## What you should do
Nothing in the records may be changed; reproduce all of them.

## Records to process
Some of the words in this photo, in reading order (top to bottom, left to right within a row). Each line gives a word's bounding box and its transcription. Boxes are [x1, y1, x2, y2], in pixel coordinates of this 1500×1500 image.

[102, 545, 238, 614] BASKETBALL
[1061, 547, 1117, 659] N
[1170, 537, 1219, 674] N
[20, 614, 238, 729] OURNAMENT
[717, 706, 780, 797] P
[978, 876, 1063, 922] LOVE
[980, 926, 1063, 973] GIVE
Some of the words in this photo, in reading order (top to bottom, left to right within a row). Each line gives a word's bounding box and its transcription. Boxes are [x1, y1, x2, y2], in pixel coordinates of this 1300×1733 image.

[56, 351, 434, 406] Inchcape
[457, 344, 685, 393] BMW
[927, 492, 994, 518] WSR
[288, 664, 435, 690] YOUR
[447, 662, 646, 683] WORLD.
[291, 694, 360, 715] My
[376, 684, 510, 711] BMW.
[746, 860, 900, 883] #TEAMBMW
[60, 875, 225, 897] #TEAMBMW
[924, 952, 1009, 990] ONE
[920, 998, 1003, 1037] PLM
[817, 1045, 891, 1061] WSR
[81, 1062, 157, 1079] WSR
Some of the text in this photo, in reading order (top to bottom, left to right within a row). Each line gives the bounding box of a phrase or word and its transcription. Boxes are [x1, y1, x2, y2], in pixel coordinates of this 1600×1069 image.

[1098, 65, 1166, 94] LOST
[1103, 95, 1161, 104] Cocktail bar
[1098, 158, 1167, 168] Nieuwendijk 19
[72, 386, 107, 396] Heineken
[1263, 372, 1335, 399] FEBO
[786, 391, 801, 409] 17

## Solution to this problem
Some of the words in this photo, in reading order (top to bottom, left to right within a row). Each line gives a word's bounding box and its transcription. Boxes are [x1, y1, x2, y2], in pixel coordinates of this 1500×1500 image.

[102, 545, 238, 614] BASKETBALL
[1061, 547, 1117, 659] N
[1170, 537, 1219, 674] N
[20, 614, 238, 729] OURNAMENT
[717, 706, 780, 797] P
[978, 876, 1063, 922] LOVE
[980, 926, 1063, 973] GIVE
Some of the words in this photo, in reading order (top to bottom, left to right within a row). Each line gives a word's bounding box and its transcription. Boxes are [x1, y1, x2, y2], in pixel coordinates of this 1300×1733 image.

[56, 351, 434, 406] Inchcape
[457, 344, 685, 393] BMW
[927, 492, 994, 518] WSR
[288, 664, 435, 690] YOUR
[447, 662, 646, 683] WORLD.
[291, 694, 360, 715] My
[376, 684, 510, 711] BMW.
[746, 860, 900, 883] #TEAMBMW
[60, 875, 225, 897] #TEAMBMW
[924, 952, 1009, 990] ONE
[920, 998, 1003, 1037] PLM
[817, 1045, 891, 1061] WSR
[81, 1062, 157, 1079] WSR
Some of the text in this photo, in reading order (top to bottom, left to right within a row). Each line gives the bounding box of a phrase or word and its transcription. Boxes are [x1, y1, x2, y2], in pixel coordinates of this 1600×1069 image.

[1098, 65, 1166, 94] LOST
[1103, 95, 1161, 104] Cocktail bar
[1098, 158, 1167, 168] Nieuwendijk 19
[72, 386, 107, 396] Heineken
[1263, 372, 1335, 399] FEBO
[786, 391, 801, 409] 17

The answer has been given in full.